Révélations


Oublions la connaissance par les gouffres naguère prônée par Michaux : voici (re)venir le temps médiéval de la glose et de l’exégèse, appliquées cette fois au cinéma… 


Entre, entrez, invite l’arnaqueur au seuil des suppléments de la galette en plastique. Amène et polymorphe, il propose en toute bonne foi de dévoiler les dessous de l’œuvre, d’introduire dans le saint des saints de la fabrication, de convier à l’évocation de l’envers du spectacle, aussi spectaculaire, sinon davantage, que le film lui-même. Vous allez tout savoir et bien plus, vous ne regretterez pas l’édition collector ni le temps passé à lire l’ensemble des éclectiques bonus. Chapitrage, commentaire audio, bande originale séparée, featurettes, documentaires thématiques, interviews, analyses de spécialistes (redoutable espèce dont il faut se méfier), galeries d’images, cerise méta sur le gâteau du module caché, cernent le plat de résistance et de persistance (rétinienne) du making-of, pièce de choix propre à vous faire visiter toutes les pièces ou presque de la maison cinéma (mais pas celle de Daney). Union parfaite de l’offre et de la demande : l’omniprésence du segment révélateur répond à l’appétit contemporain de visiter les cuisines, d’assister aux coulisses, de soulever le tapis de pellicule ou d’octets. Le dogme de la transparence généralisée sévit ici aussi : montrez-nous ce que nous voulons enfin voir, le sein de Tartuffe et le tournage du blockbuster, les larmes de l’acteur et la chronologie de la production, le soir de la première et les versions alternatives du scénario. Le long métrage ne suffit pas, ne suffit jamais ; il convient de l’accompagner de morceaux de réalité histoire de relever le sorbet, de révéler la genèse et le work in progress, à la façon d’étais qui le soutiennent et justifient l’achat d’un produit aussi démodé, dès sa sortie facultative en salle, que n’importe quelle automobile neuve dévaluée par son départ du concessionnaire. Travailler moins et gagner plus ? Regarder encore et payer doublement !

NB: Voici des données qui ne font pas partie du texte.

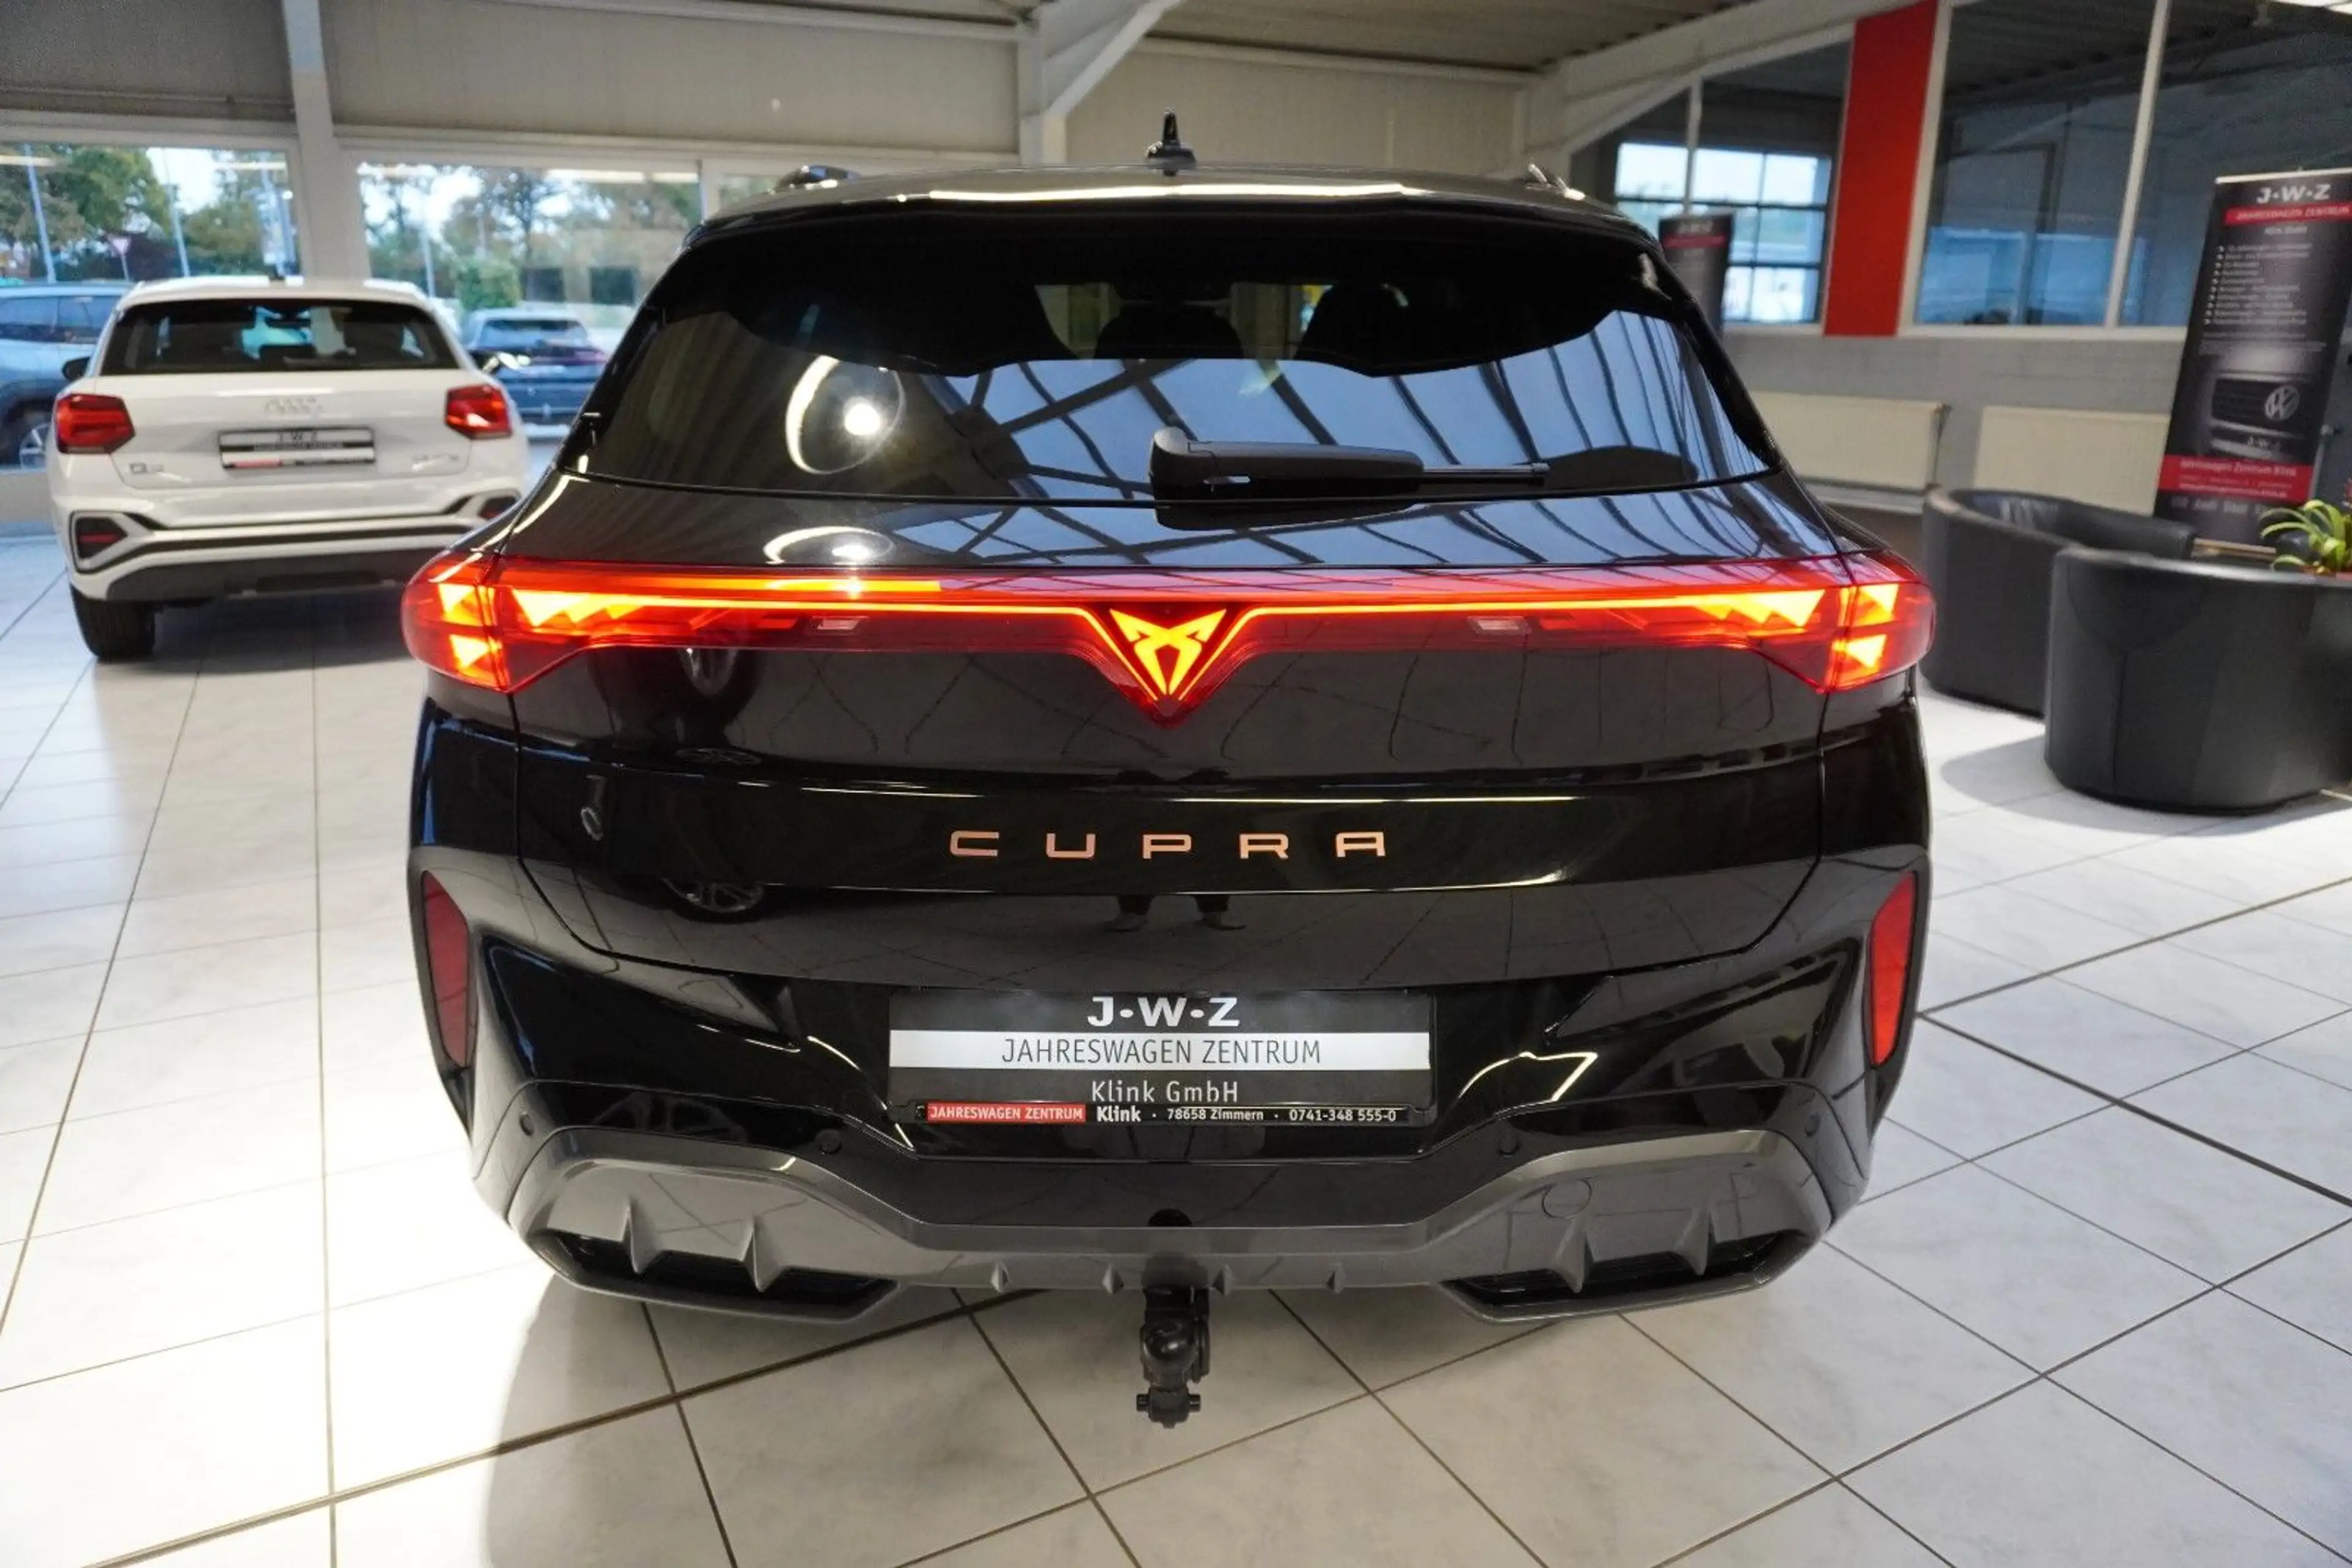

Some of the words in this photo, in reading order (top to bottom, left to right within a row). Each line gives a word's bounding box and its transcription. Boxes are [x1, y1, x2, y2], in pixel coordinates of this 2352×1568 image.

Si les arts « primitifs » (ou « premiers », comme disent les amateurs de politiquement correct) se caractérisent par une innocence (de l’artiste, rousseauiste ou pas, inclus dans une communauté, en dialogue étendu avec le sacré) ; si le classicisme se targue de clarté, de mesure, de plénitude, d’équilibre propices à l’appréhension immédiate de l’artefact, à proximité du pouvoir de la cour et du bon goût discutable d’une époque prise de court (se vouloir à la mode revient également à viser l’éternité) ; si le baroque joue les sales gosses décoratifs, prend les chemins de traverse formalistes et revendique son exubérance, pavant la voie royale à l’autarcie apolitique et délicieusement décadente de l’art pour l’art, la modernité – entendre la sensibilité post-moderne – pratique la compréhension et la confection au carré, le recyclage moqueur et le cynisme serein (l’improbable notion de kitsch cristallisant les forces contraires en présence). La cinéphilie d’hier, volontiers nécrophile, avec son cortège de femmes mortes, de formes (silhouettes et langage) fantômes, cède sa place dans la salle obscure à un décryptage démocratique, chaque spectateur informé pareillement aux critiques, éduqué à l’insu de son plein gré par le robinet télévisuel officiant en permanence et depuis l’enfance (gardons un silence magnanime sur l’enseignement du « septième art » dans les établissements scolaires de France et de Navarre). À défaut de style, du discours, en substitut de beauté, de la réflexivité, au diable la nouveauté, vive le ressassement. Puisque le terme création ne sert plus qu’à désigner l’insipidité de la publicité[1] (Godard, pardonnons-lui, crut un moment que là se situaient les idées !) ou l’aimable remplissage de la fiction télévisée (les séries d’aujourd’hui : beaucoup de bruit pour rien, et bien peu shakespearien), pratiquons à profusion l’analyse et le décorticage des alliages narratifs, la mise en pièces de la trame audiovisuelle, l’examen à la loupe numérique des trésors restaurés dans une jeunesse faustienne (en demandaient-ils autant ? La réponse leur appartient).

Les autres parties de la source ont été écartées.